### PROBLEM DESCRIPTION
Pictures are not part of the copy; retype all the records below exactly.

### EXTRACTED ENTRIES
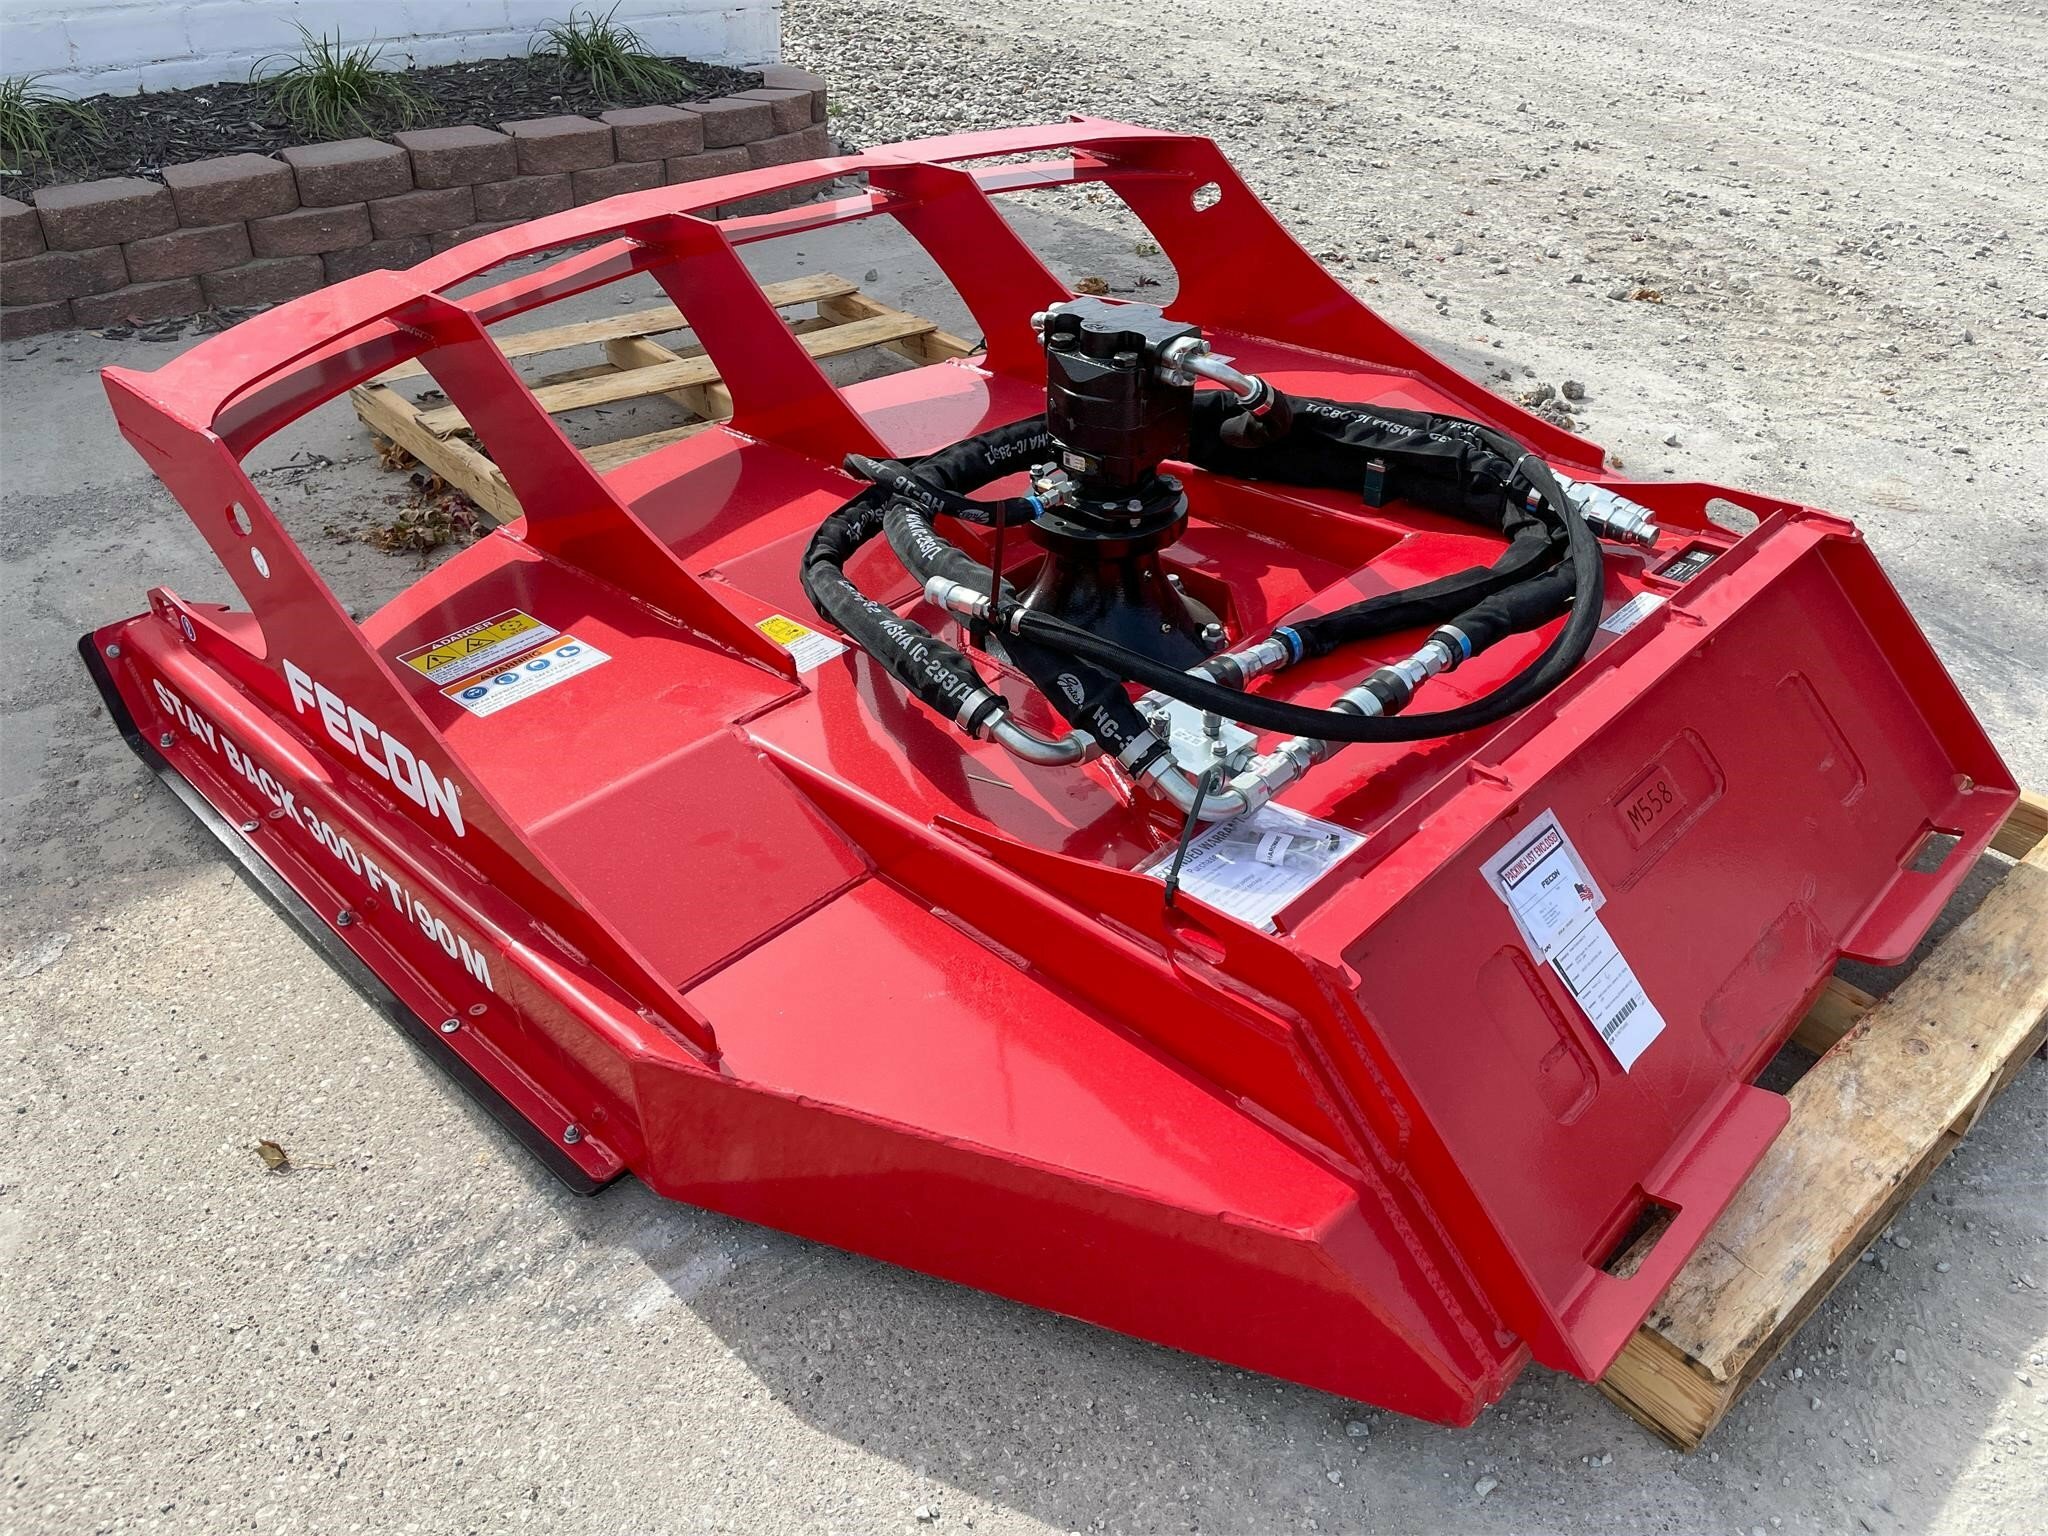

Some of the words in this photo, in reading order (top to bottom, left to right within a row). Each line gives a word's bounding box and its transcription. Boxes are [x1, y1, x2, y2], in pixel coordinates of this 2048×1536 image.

[893, 475, 945, 512] HG-16
[440, 620, 494, 646] DANGER
[486, 649, 544, 677] WARNING
[878, 619, 914, 651] MSHA
[909, 642, 975, 702] IC-293/1
[1057, 673, 1085, 706] Gates
[283, 658, 465, 837] FECON
[153, 678, 219, 754] STAY
[220, 733, 306, 830] BACK
[303, 806, 362, 876] 300
[1626, 780, 1672, 832] M558
[1154, 848, 1203, 879] EXTNDED
[1504, 859, 1528, 882] PACKING
[1524, 849, 1536, 867] LIST
[1534, 831, 1559, 858] ENCLOSED
[1541, 868, 1560, 889] FECON

### RESPONSE TO THE EXERCISE
Some of the words in this photo, in reading order (top to bottom, left to right within a row). Each line gives a word's bounding box and its transcription. Boxes are [x1, y1, x2, y2], in pixel coordinates of this 2048×1536 image.

[893, 475, 945, 512] HG-16
[440, 620, 494, 646] DANGER
[486, 649, 544, 677] WARNING
[878, 619, 914, 651] MSHA
[909, 642, 975, 702] IC-293/1
[1057, 673, 1085, 706] Gates
[283, 658, 465, 837] FECON
[153, 678, 219, 754] STAY
[220, 733, 306, 830] BACK
[303, 806, 362, 876] 300
[1626, 780, 1672, 832] M558
[1154, 848, 1203, 879] EXTNDED
[1504, 859, 1528, 882] PACKING
[1524, 849, 1536, 867] LIST
[1534, 831, 1559, 858] ENCLOSED
[1541, 868, 1560, 889] FECON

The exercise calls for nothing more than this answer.